NMR analysis of the alpha IIb beta 3 cytoplasmic interaction suggests a mechanism for integrin regulation

The integrin alpha IIb beta 3 is a transmembrane (TM) heterodimeric adhesion receptor that exists in equilibrium between resting and active ligand binding conformations. In resting alpha IIb beta 3, the TM and cytoplasmic domains of alpha IIb and beta 3 form a heterodimer that constrains alpha IIb beta 3 in its resting conformation. To study the structure and dynamics of the cytoplasmic domain heterodimer, we prepared a disulfide-stabilized complex consisting of portions of the TM domains and the full cytoplasmic domains. NMR and hydrogen-deuterium exchange of this complex in micelles showed that the alpha IIb cytoplasmic domain is largely disordered, but it interacts with and influences the conformation of the beta 3 cytoplasmic domain. The beta 3 cytoplasmic domain consists of a stable proximal helix contiguous with the TM helix and two distal amphiphilic helices. To confirm the NMR structure in a membrane-like environment, we studied the beta 3 cytoplasmic domain tethered to phospholipid bilayers. Hydrogen-deuterium exchange mass spectrometry, as well as circular dichroism spectroscopy, demonstrated that the beta 3 cytoplasmic domain becomes more ordered and helical under these conditions, consistent with our NMR results.
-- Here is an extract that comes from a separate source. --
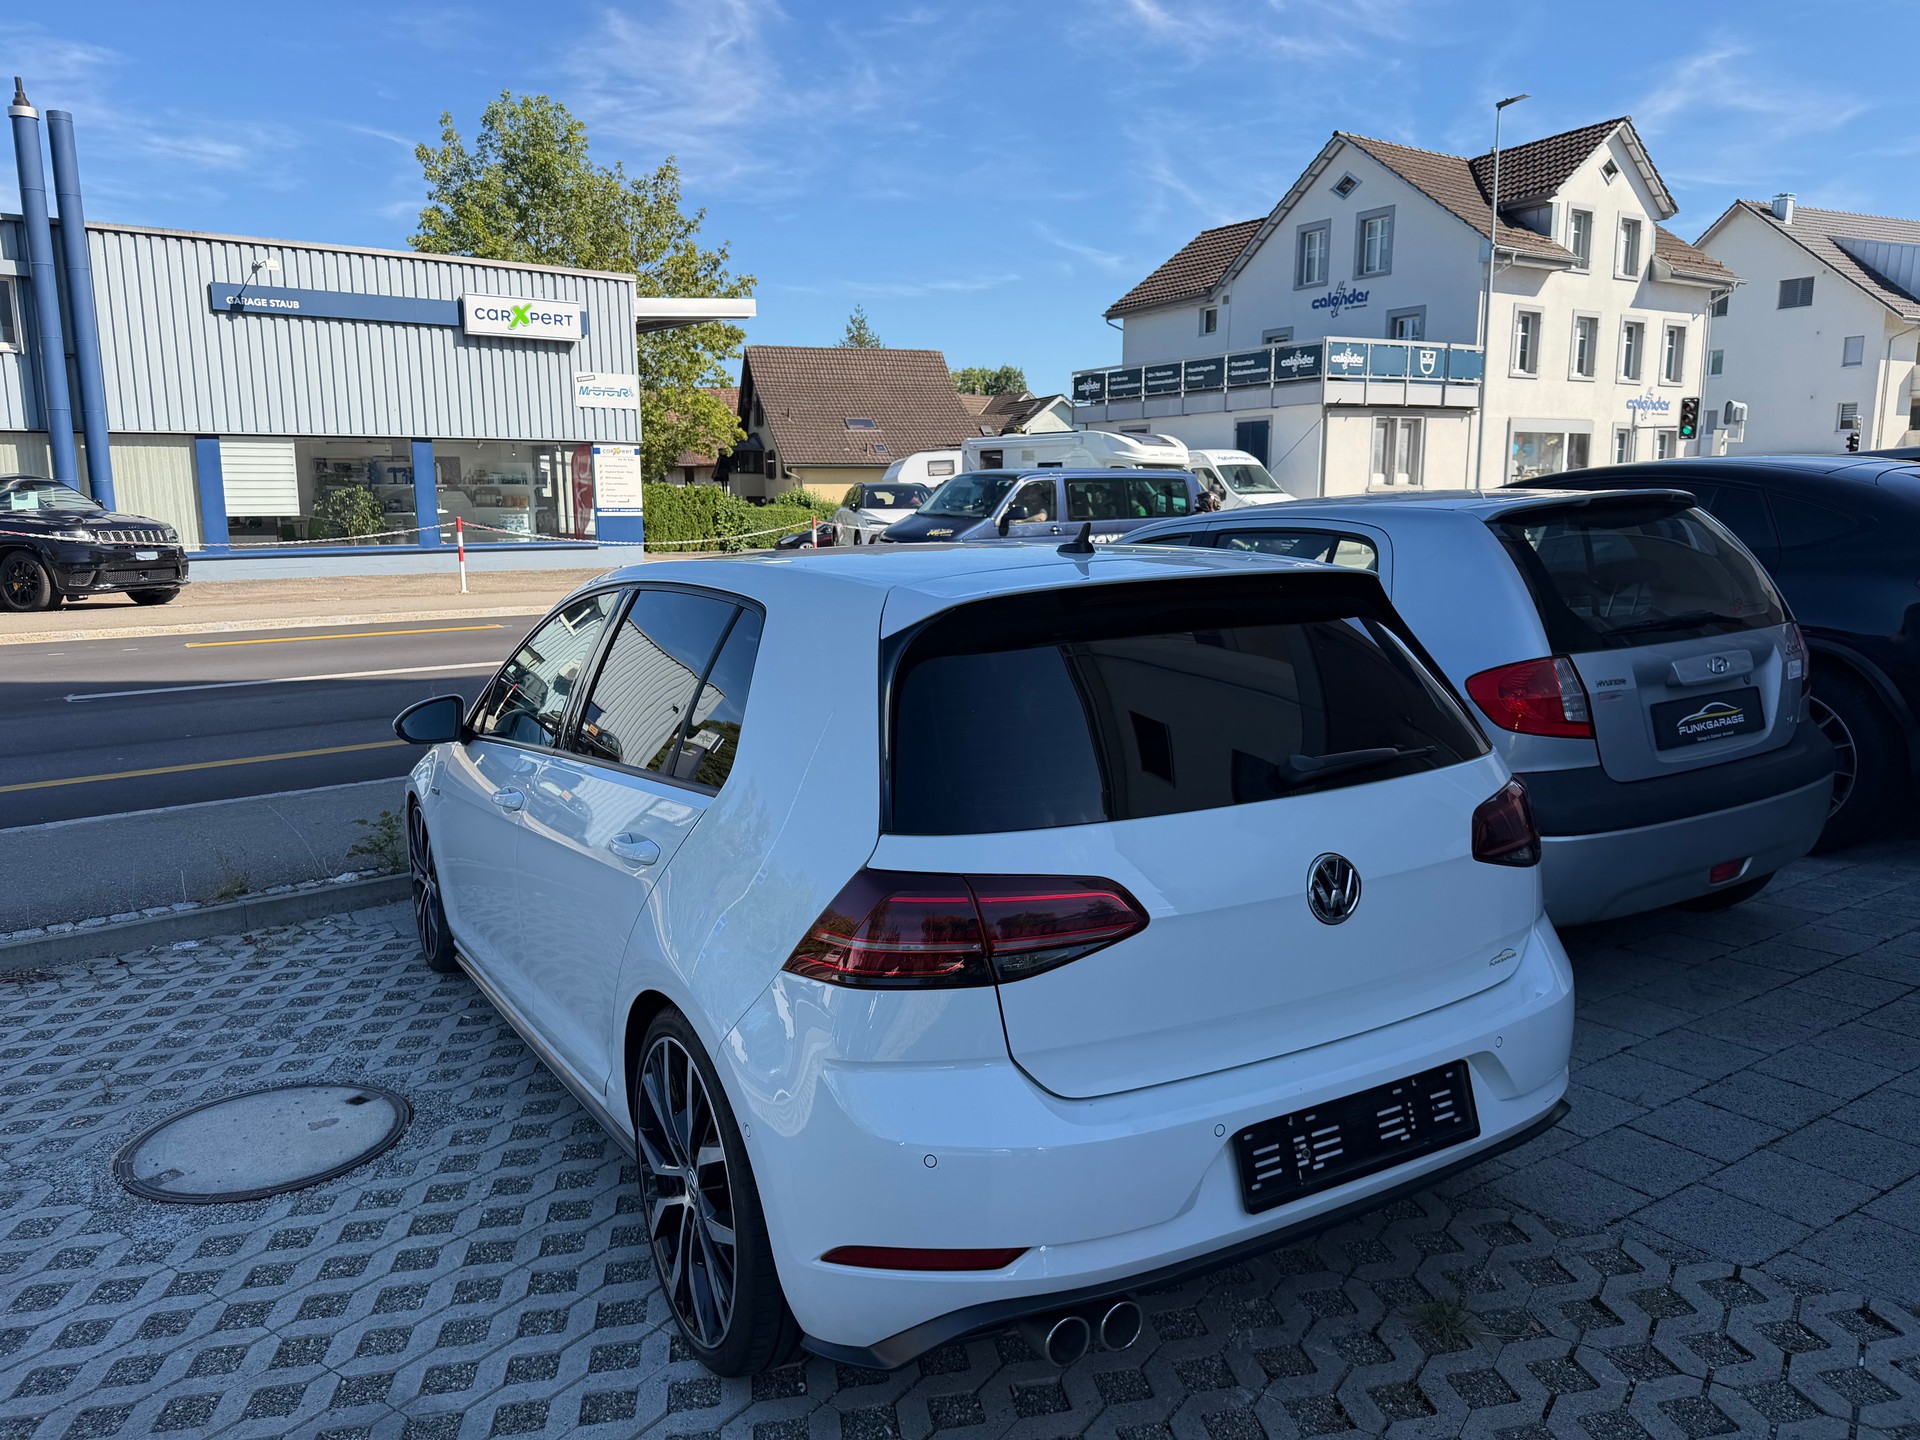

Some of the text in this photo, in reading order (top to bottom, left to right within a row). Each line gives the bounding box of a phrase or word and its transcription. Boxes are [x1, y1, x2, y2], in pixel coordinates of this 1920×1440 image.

[226, 295, 300, 309] GARAGE STAUB
[1678, 714, 1744, 735] FUNKGARAGE
Further, these experiments suggest that the two distal helices associate with lipid bilayers but undergo fluctuations that would allow rapid binding of cytoplasmic proteins regulating integrin activation, such as talin and kindlin-3. Thus, these results provide a framework for understanding the kinetics and thermodynamics of protein interactions involving integrin cytoplasmic domains and suggest that such interactions act in a concerted fashion to influence integrin stalk separation and exposure of extracellular ligand binding sites.